When a portion of a thrombus breaks free from the vessel wall and enters the circulation, it is referred to as an embolus. An embolus that is carried through the bloodstream can be large enough to block a vessel critical to a major organ. When it becomes trapped, an embolus is called an embolism. In the heart, brain, or lungs, an embolism may accordingly cause a heart attack, a stroke, or a pulmonary embolism. These are medical emergencies.

Among the many known biochemical activities of aspirin is its role as an anticoagulant. Aspirin (acetylsalicylic acid) is very effective at inhibiting the aggregation of platelets. Physicians sometimes recommend that patients at risk for cardiovascular disease, which can lead to heart attack or stroke, take a low dose of aspirin on a daily basis as a preventive measure. However, aspirin can also lead to serious side effects, including increasing the risk of gastrointestinal ulcers. A patient is well advised to consult a physician before beginning any aspirin regimen.
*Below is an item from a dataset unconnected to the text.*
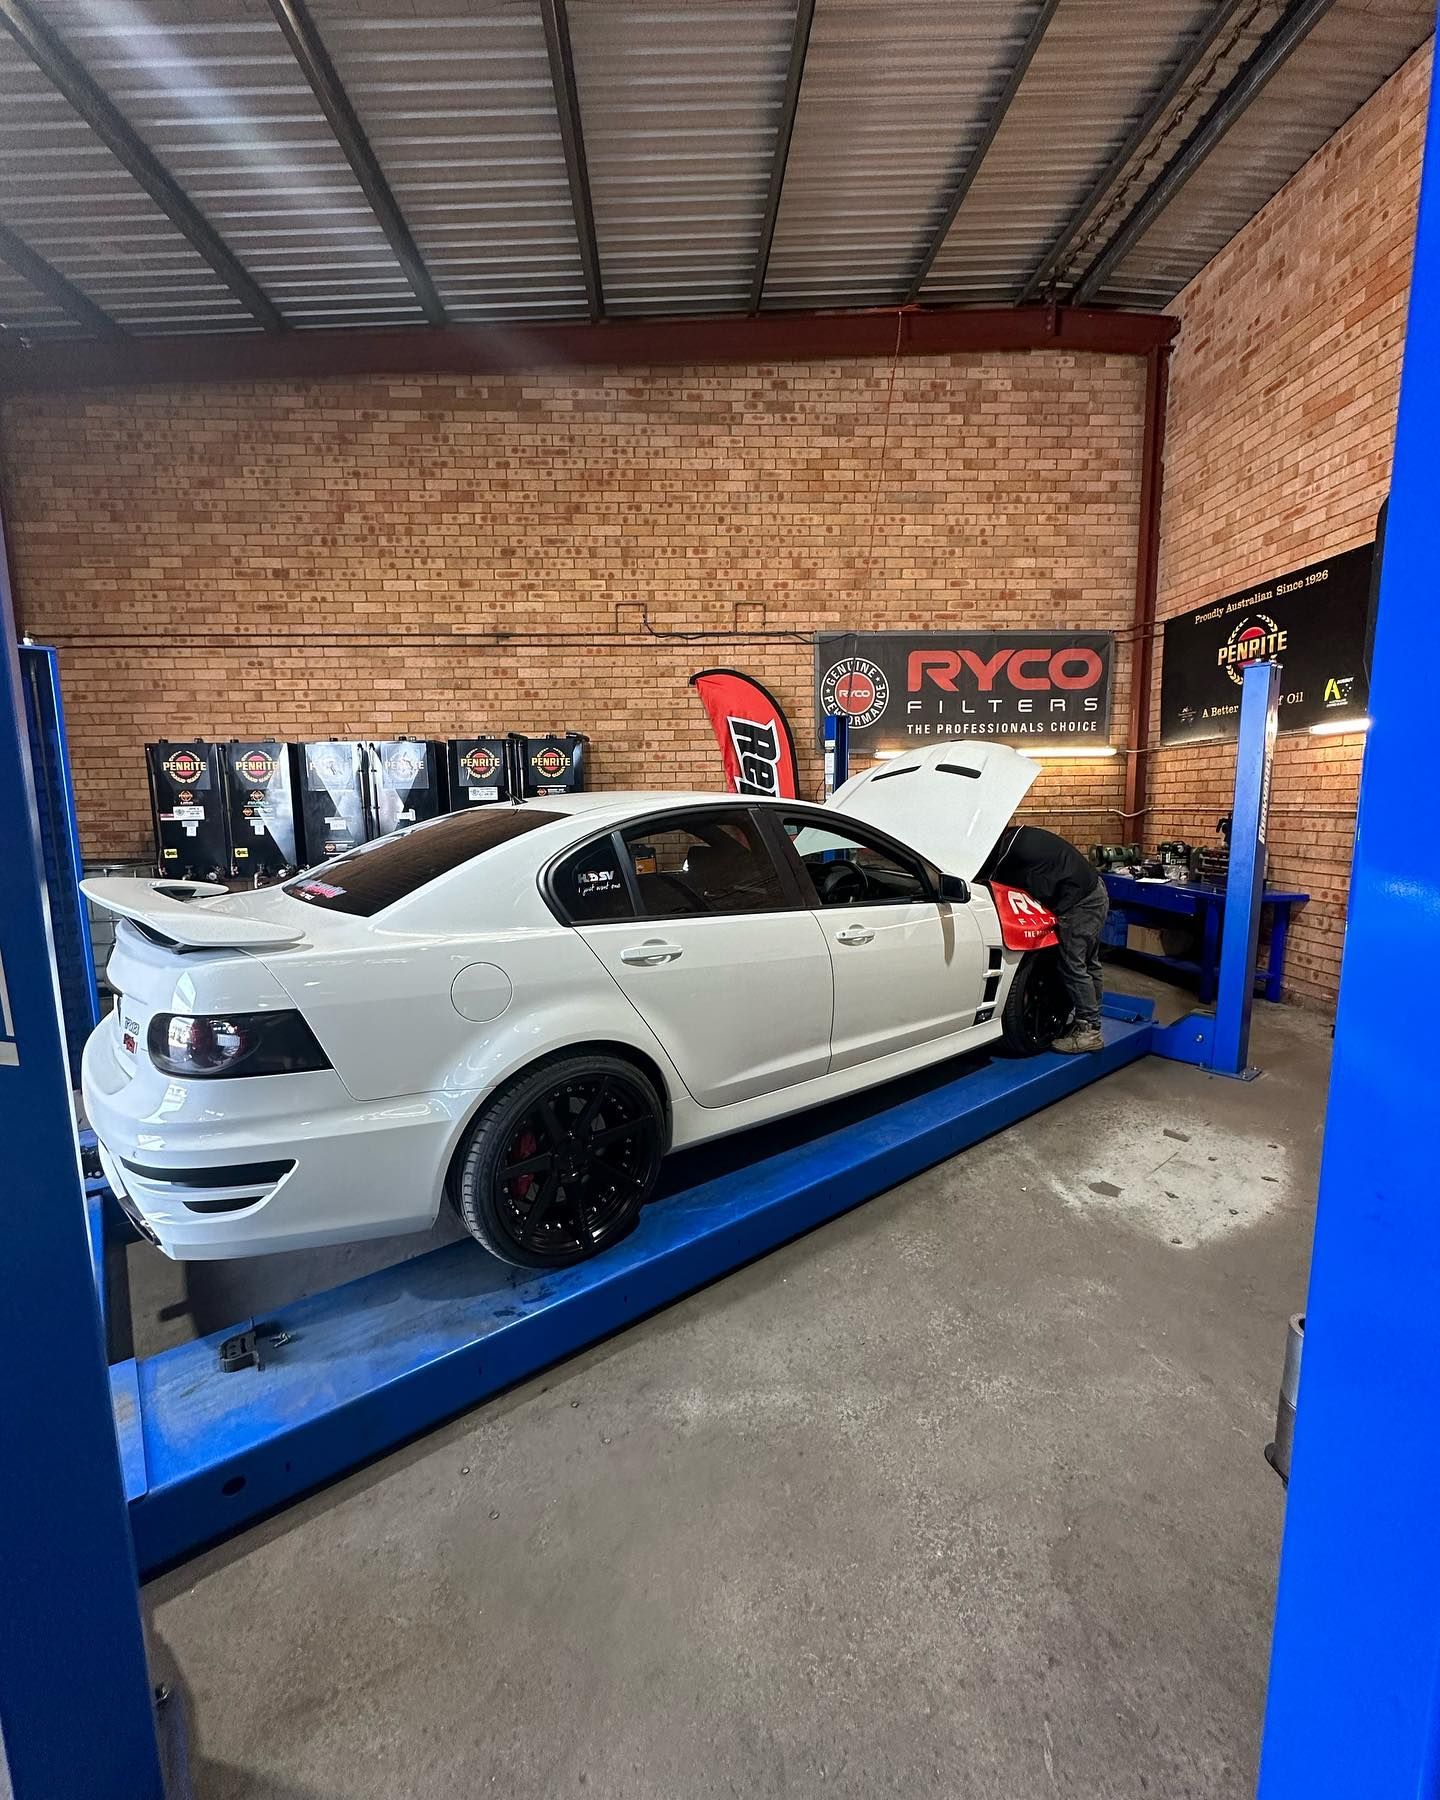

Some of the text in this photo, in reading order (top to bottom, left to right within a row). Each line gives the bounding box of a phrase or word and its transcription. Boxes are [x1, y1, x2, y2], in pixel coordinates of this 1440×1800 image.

A class of drugs collectively known as thrombolytic agents can help speed up the degradation of an abnormal clot. If a thrombolytic agent is administered to a patient within 3 hours following a thrombotic stroke, the patient’s prognosis improves significantly. However, some strokes are not caused by thrombi, but by haemorrhage. Thus, the cause must be determined before treatment begins. Tissue plasminogen activator is an enzyme that catalyses the conversion of plasminogen to plasmin, the primary enzyme that breaks down clots. It is released naturally by endothelial cells but is also used in clinical medicine. New research is progressing using compounds isolated from the venom of some species of snakes, particularly vipers and cobras, which may eventually have therapeutic value as thrombolytic agents. Streptokinase, an enzyme produced by some species of streptococci, has long been used to help degrade the thrombus in heart attack cases.

Section Review

Haemostasis is the physiological process by which bleeding ceases. Haemostasis involves three basic steps: vascular spasm, the formation of a platelet plug, and coagulation, by which clotting factors promote the formation of a fibrin clot. Fibrinolysis is the process in which a clot is degraded in a healing vessel. Anticoagulants are substances that oppose coagulation. They are important in limiting the extent and duration of clotting. Inadequate clotting can result from too few platelets, or inadequate production of clotting factors, for instance, in the genetic disorder haemophilia. Excessive clotting, called thrombosis, can be caused by excessive numbers of platelets or deficiencies in coagulation control factors. A thrombus is a collection of fibrin, platelets, and erythrocytes that has accumulated along the lining of a blood vessel, whereas an embolus is a thrombus that has broken free from the vessel wall and is circulating in the bloodstream.